■ DATASET RECORDS ■
☆ ☆ ☆ ☆
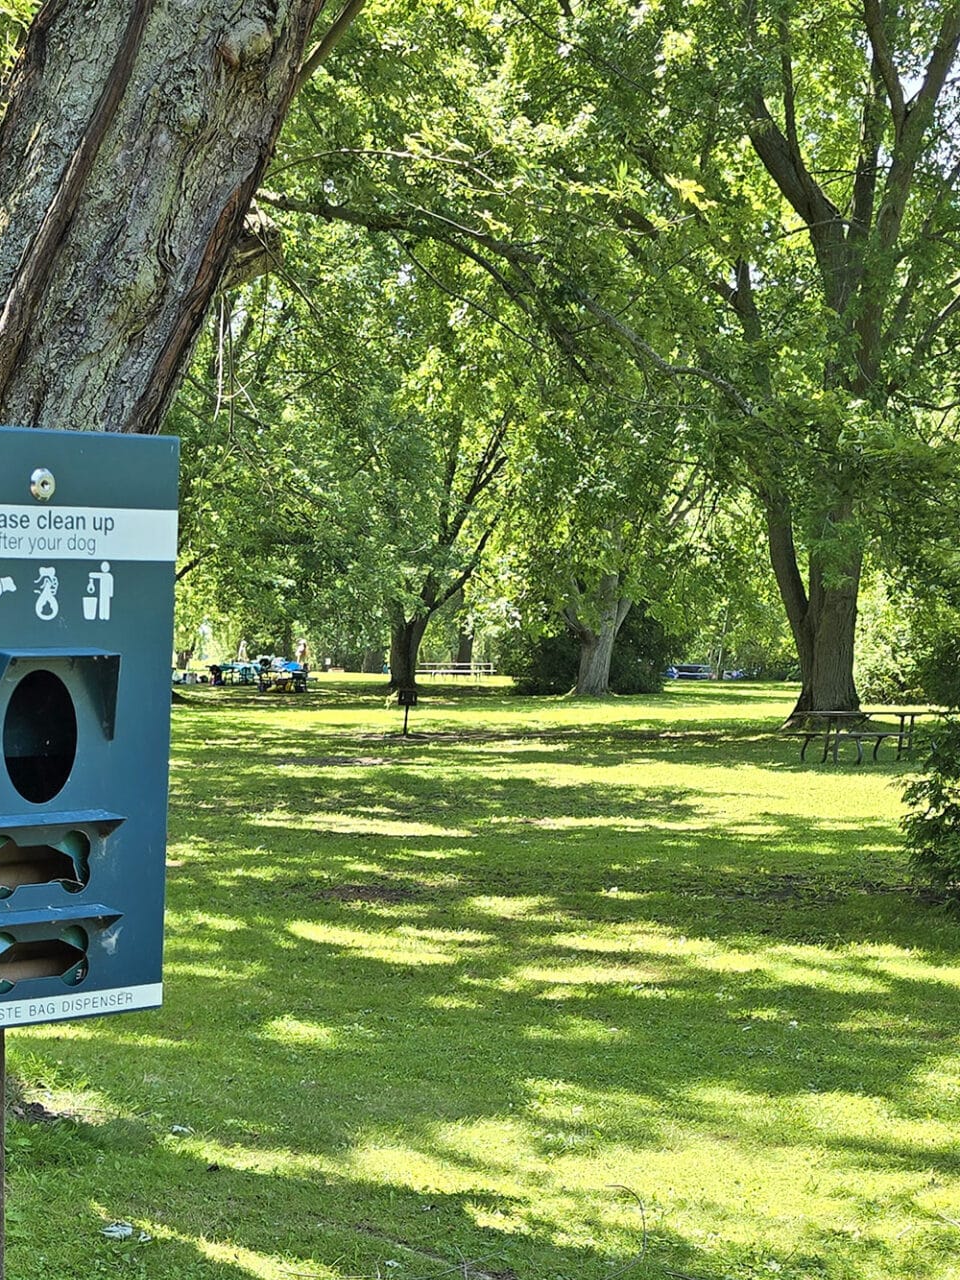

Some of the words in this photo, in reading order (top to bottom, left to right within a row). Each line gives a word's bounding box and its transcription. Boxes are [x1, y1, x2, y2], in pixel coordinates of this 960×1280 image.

[37, 510, 86, 530] clean
[93, 516, 115, 536] up
[28, 536, 62, 555] your
[67, 534, 97, 555] dog
[29, 1003, 56, 1017] BAG
[62, 992, 134, 1013] DISPENSER
☆ ☆ ☆ ☆
■ WHAT YOU ARE ASKED TO DO ■
The expected output is the full material above, unaltered, with pictures removed.

■ TASK SOLUTION ■
Some of the words in this photo, in reading order (top to bottom, left to right within a row). Each line gives a word's bounding box and its transcription. Boxes are [x1, y1, x2, y2], in pixel coordinates of this 960×1280 image.

[37, 510, 86, 530] clean
[93, 516, 115, 536] up
[28, 536, 62, 555] your
[67, 534, 97, 555] dog
[29, 1003, 56, 1017] BAG
[62, 992, 134, 1013] DISPENSER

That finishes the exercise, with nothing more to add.